Monday, January 27, 2014
|The new border|
Monday, January 20, 2014
As the presidential term of Sebastian Piñera winds down, so are hopes to eradicate the copper tax that has provided Chile's military with billions of dollars. Piñera now becomes the second-straight president to fail to win passage of the legislation, which replaces the tax with four-year spending programs based on strategic needs. The new budget plan has its flaws, to be sure. For example, Chilean defense analyst Eduardo Santos says the four-year framework lacks flexibility. But another driving force is the difficult situation at Codelco, the world's largest copper producer and the source of that lucrative source of funds. The government-owned mining company desperately needs to upgrade its aging mines, while facing slumping copper prices. In short, it needs to keep more of the money it makes. The government last month let Codelco keep an additional $1 billion of profit, for a total of $3.2 billion. The finance ministry called it a necessary investment to keep Codelco's leadership in mining and to maintain its investment-grade credit rating. Long-term, the company needs to spend $24 billion to modernize its operations. It needs to expand production by 10%, or risk losing half its output. Codelco is mandated to give 10% of all its foreign sales to the military.
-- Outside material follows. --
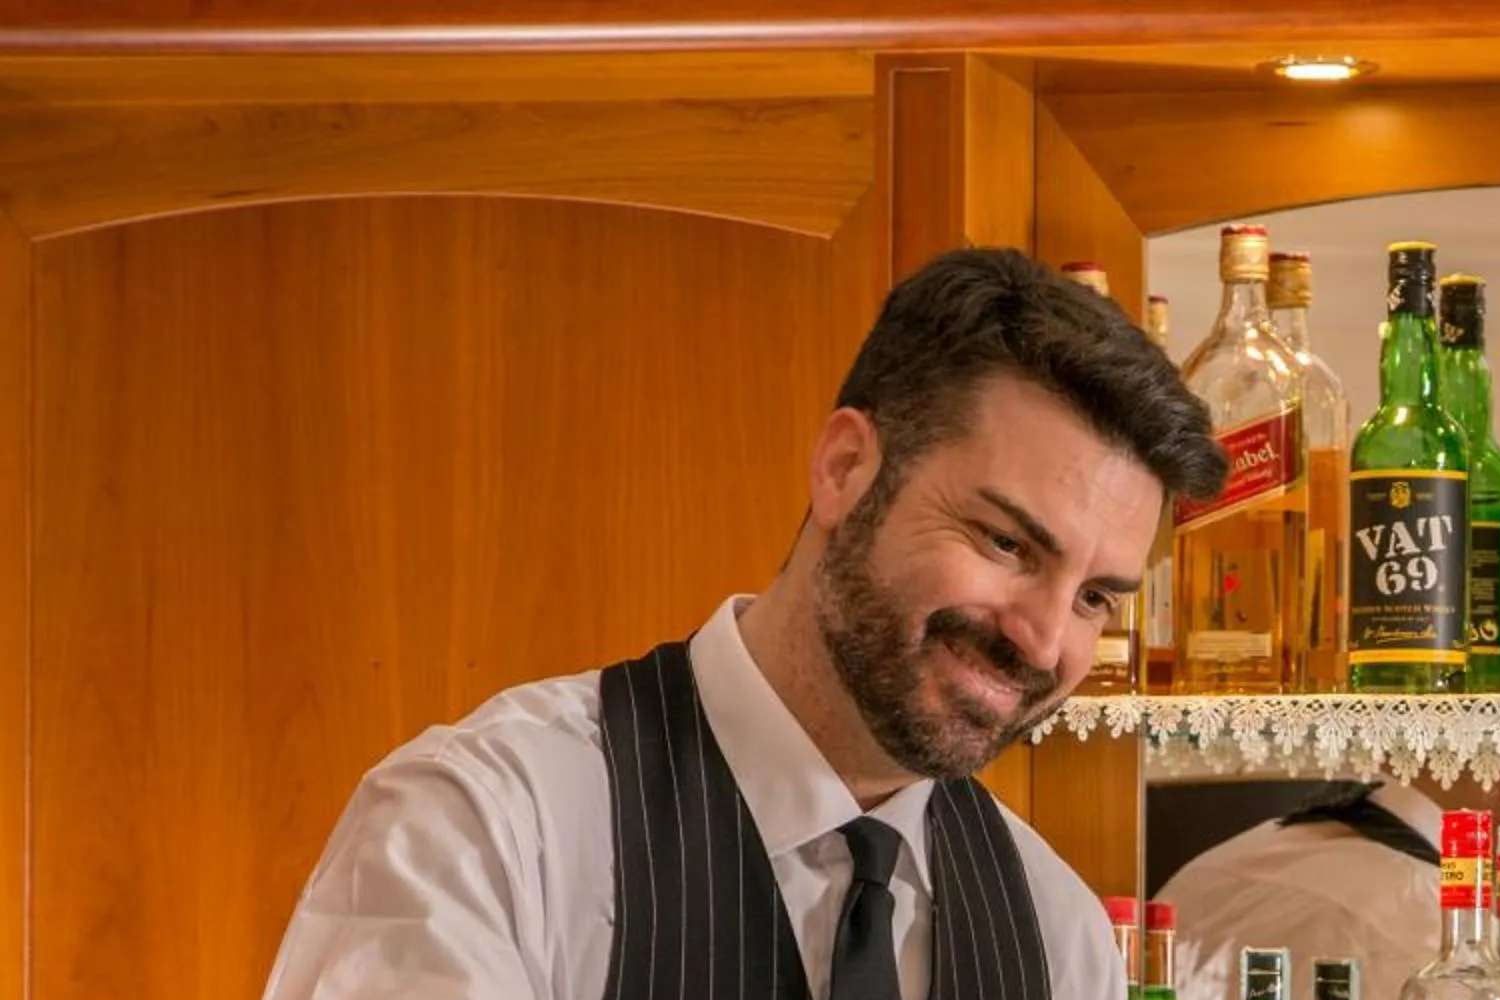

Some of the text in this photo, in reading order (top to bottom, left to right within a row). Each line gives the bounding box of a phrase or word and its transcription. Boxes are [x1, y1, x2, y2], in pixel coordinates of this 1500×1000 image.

[1232, 441, 1276, 476] abel
[1355, 515, 1453, 561] VAT
[1375, 556, 1439, 595] 69
That would amount to more than $1 billion in the first nine months of 2013, based on Codelco figures, although the government deducts much of that sum, and several billion in unspent funds are stashed away in an emergency contingency fund. As the principal government-owned enterprise, Codelco is Chile's cash cow. Its 2012 profit of $7.5 billion was a sizable chunk of a total budget of roughly $60 billion. If the copper tax is someday eliminated, it would be replaced with regular government funds, although certain spending floors would be guaranteed.